▶ [Problem description]:
An exact copy of all the data below is needed, without its pictures.

START Exercise data

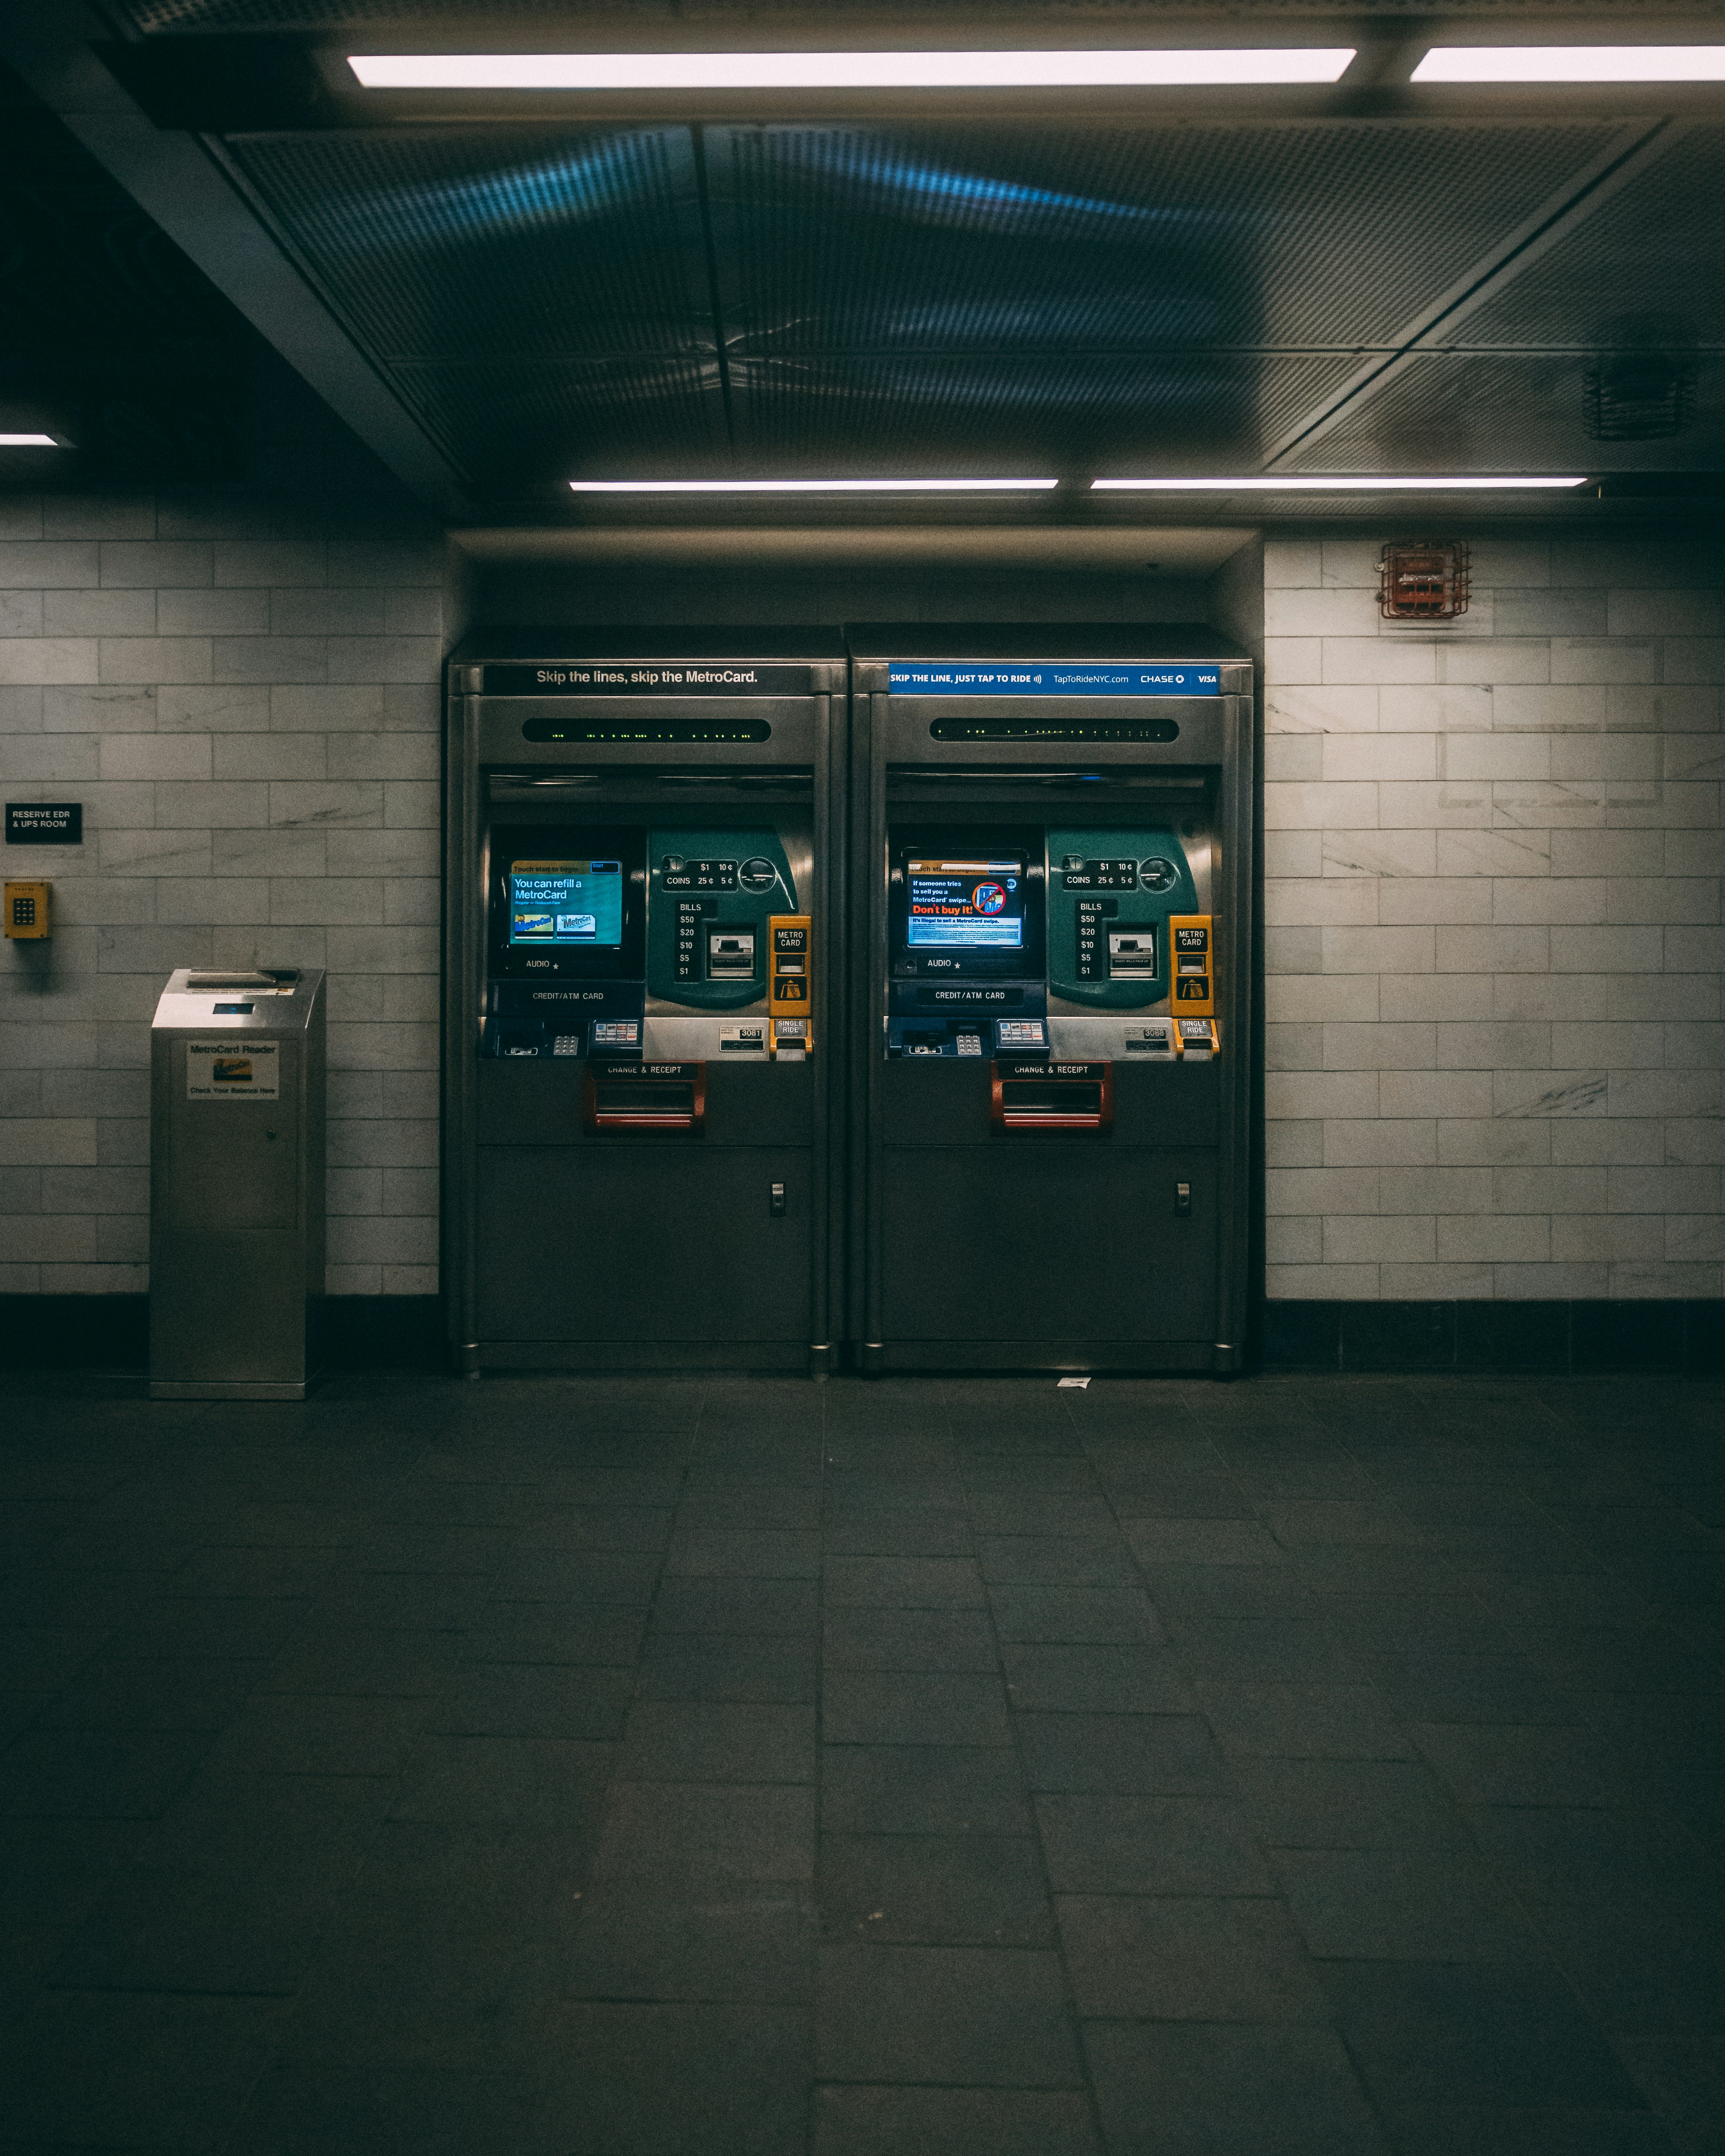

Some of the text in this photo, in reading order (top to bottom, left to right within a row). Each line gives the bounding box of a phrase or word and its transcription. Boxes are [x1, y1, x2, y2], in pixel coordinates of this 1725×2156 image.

[537, 670, 757, 685] Skip the lines, skip the MetroCard.
[931, 675, 953, 683] LINE,
[955, 675, 975, 684] JUST
[1053, 675, 1129, 684] TapToRideNYC.com
[515, 879, 532, 888] You
[553, 879, 574, 888] refill
[515, 890, 567, 899] MetroCard
[912, 904, 939, 914] Don't
[942, 906, 960, 915] buy
[563, 915, 591, 928] MetroCard
[191, 1045, 275, 1054] MetroCard Reader
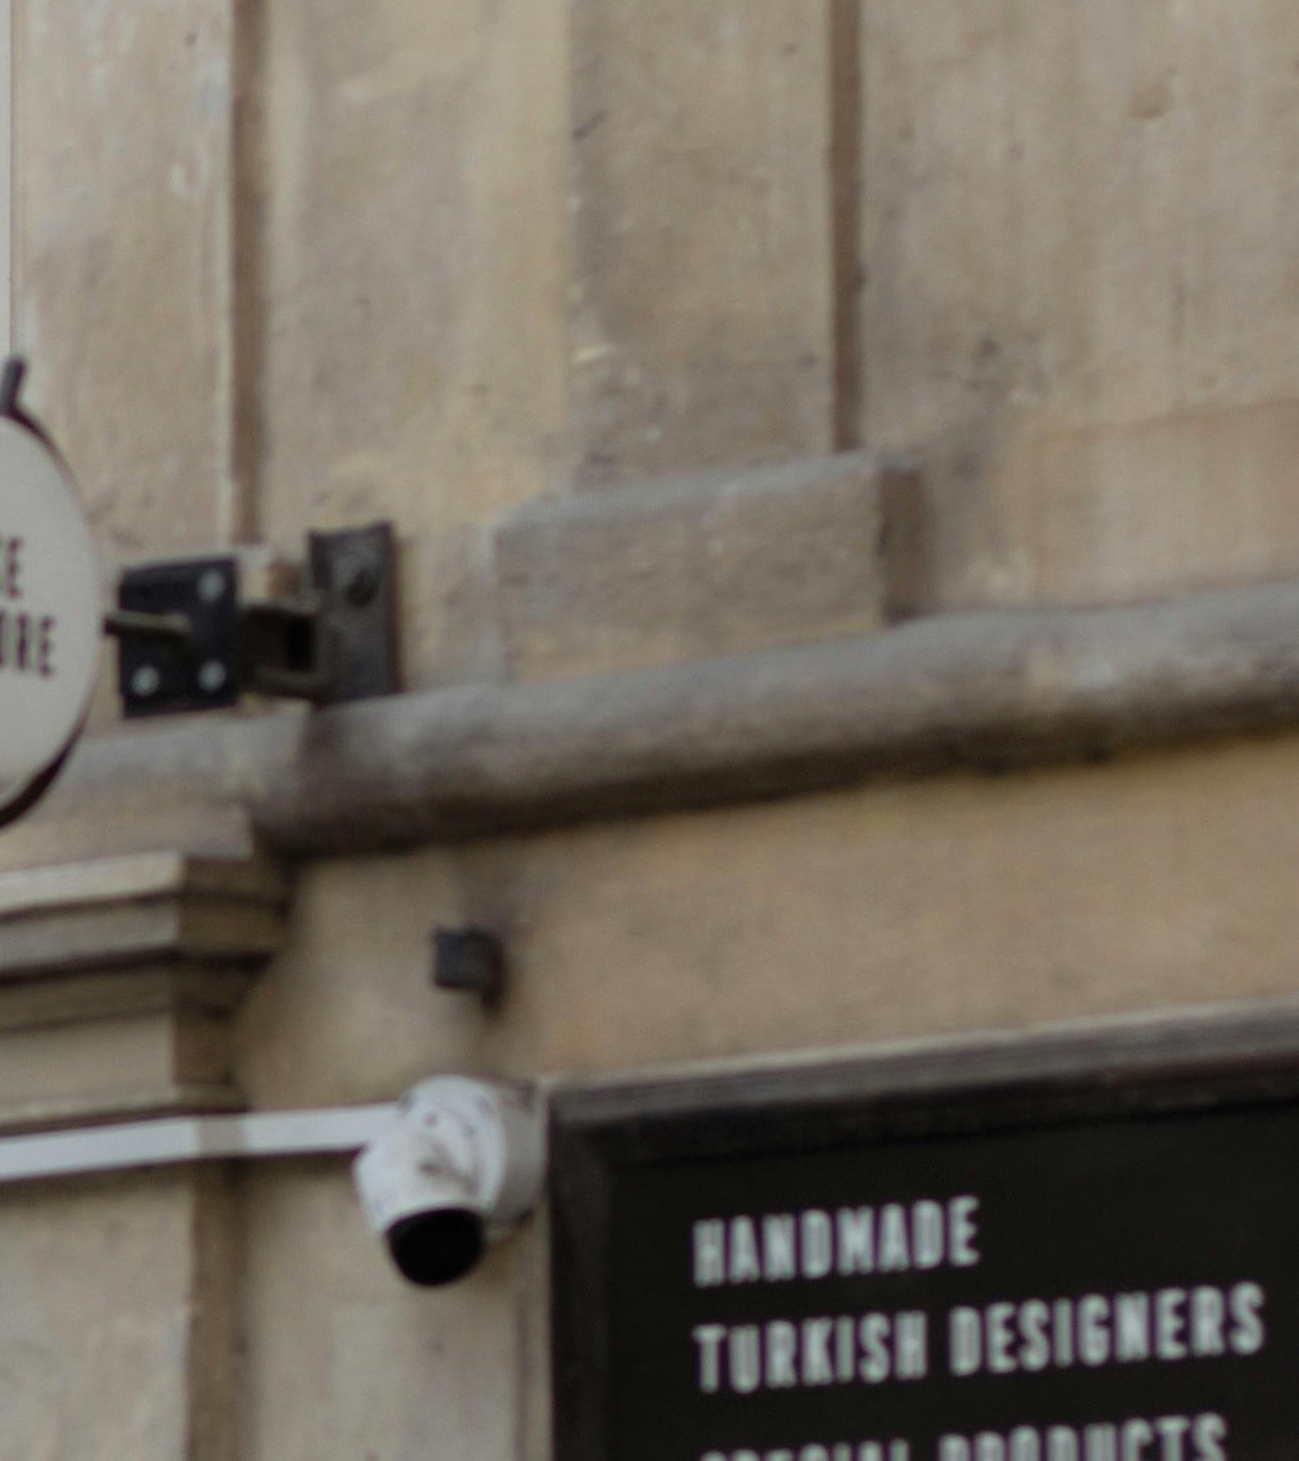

END Exercise data

▶ [Task response]:
Some of the text in this photo, in reading order (top to bottom, left to right within a row). Each line gives the bounding box of a phrase or word and its transcription. Boxes are [x1, y1, x2, y2], in pixel coordinates of this 1725×2156 image.

[537, 670, 757, 685] Skip the lines, skip the MetroCard.
[931, 675, 953, 683] LINE,
[955, 675, 975, 684] JUST
[1053, 675, 1129, 684] TapToRideNYC.com
[515, 879, 532, 888] You
[553, 879, 574, 888] refill
[515, 890, 567, 899] MetroCard
[912, 904, 939, 914] Don't
[942, 906, 960, 915] buy
[563, 915, 591, 928] MetroCard
[191, 1045, 275, 1054] MetroCard Reader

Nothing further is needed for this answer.